-- Opening Marker --

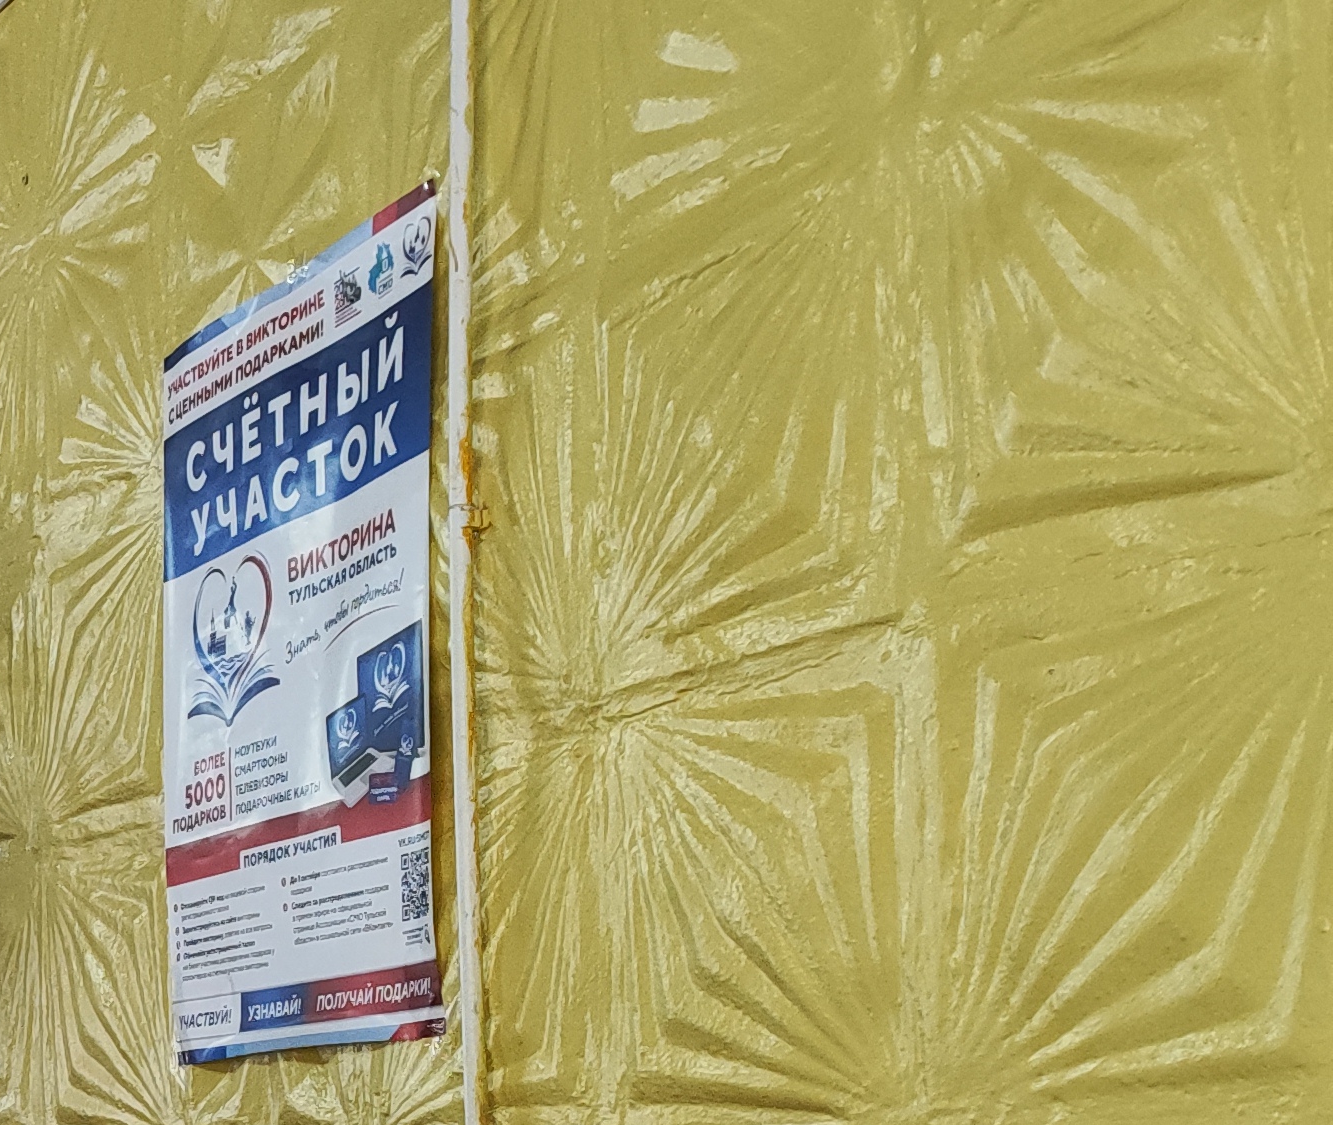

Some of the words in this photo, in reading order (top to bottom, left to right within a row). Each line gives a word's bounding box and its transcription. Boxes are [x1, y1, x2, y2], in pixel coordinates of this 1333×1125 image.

[168, 344, 234, 401] УЧАСТВУЙТЕ
[236, 338, 244, 356] В
[246, 288, 326, 350] ВИКТОРИНЕ
[235, 318, 325, 384] ПОДАРКАМИ!
[186, 310, 404, 492] СЧЁТНЫЙ
[191, 400, 399, 557] УЧАСТОК
[288, 508, 396, 583] ВИКТОРИНА
[288, 567, 347, 606] ТУЛЬСКАЯ
[349, 543, 397, 579] ОБЛАСТЬ
[285, 629, 321, 664] Знать,
[194, 751, 226, 776] БОЛЕЕ
[234, 751, 288, 778] СМАРТФОНЫ
[235, 735, 277, 759] НОУТБУКИ
[185, 773, 226, 809] 5000
[235, 770, 289, 796] ТЕЛЕВИЗОРЫ
[236, 789, 293, 815] ПОДАРОЧНЫЕ
[293, 781, 321, 799] КАРТЫ
[172, 804, 226, 834] ПОДАРКОВ
[243, 844, 291, 869] ПОРЯДОК
[292, 832, 337, 856] УЧАСТИЯ
[179, 1004, 232, 1031] УЧАСТВУЙ!
[247, 994, 302, 1022] УЗНАВАЙ!
[316, 983, 373, 1013] ПОЛУЧАЙ
[375, 977, 431, 1004] ПОДАРКИ!

-- Closing Marker --

Reproduce the records, all of them, word for word; omit the pictures.

* _SOLUTION_
Some of the words in this photo, in reading order (top to bottom, left to right within a row). Each line gives a word's bounding box and its transcription. Boxes are [x1, y1, x2, y2], in pixel coordinates of this 1333×1125 image.

[168, 344, 234, 401] УЧАСТВУЙТЕ
[236, 338, 244, 356] В
[246, 288, 326, 350] ВИКТОРИНЕ
[235, 318, 325, 384] ПОДАРКАМИ!
[186, 310, 404, 492] СЧЁТНЫЙ
[191, 400, 399, 557] УЧАСТОК
[288, 508, 396, 583] ВИКТОРИНА
[288, 567, 347, 606] ТУЛЬСКАЯ
[349, 543, 397, 579] ОБЛАСТЬ
[285, 629, 321, 664] Знать,
[194, 751, 226, 776] БОЛЕЕ
[234, 751, 288, 778] СМАРТФОНЫ
[235, 735, 277, 759] НОУТБУКИ
[185, 773, 226, 809] 5000
[235, 770, 289, 796] ТЕЛЕВИЗОРЫ
[236, 789, 293, 815] ПОДАРОЧНЫЕ
[293, 781, 321, 799] КАРТЫ
[172, 804, 226, 834] ПОДАРКОВ
[243, 844, 291, 869] ПОРЯДОК
[292, 832, 337, 856] УЧАСТИЯ
[179, 1004, 232, 1031] УЧАСТВУЙ!
[247, 994, 302, 1022] УЗНАВАЙ!
[316, 983, 373, 1013] ПОЛУЧАЙ
[375, 977, 431, 1004] ПОДАРКИ!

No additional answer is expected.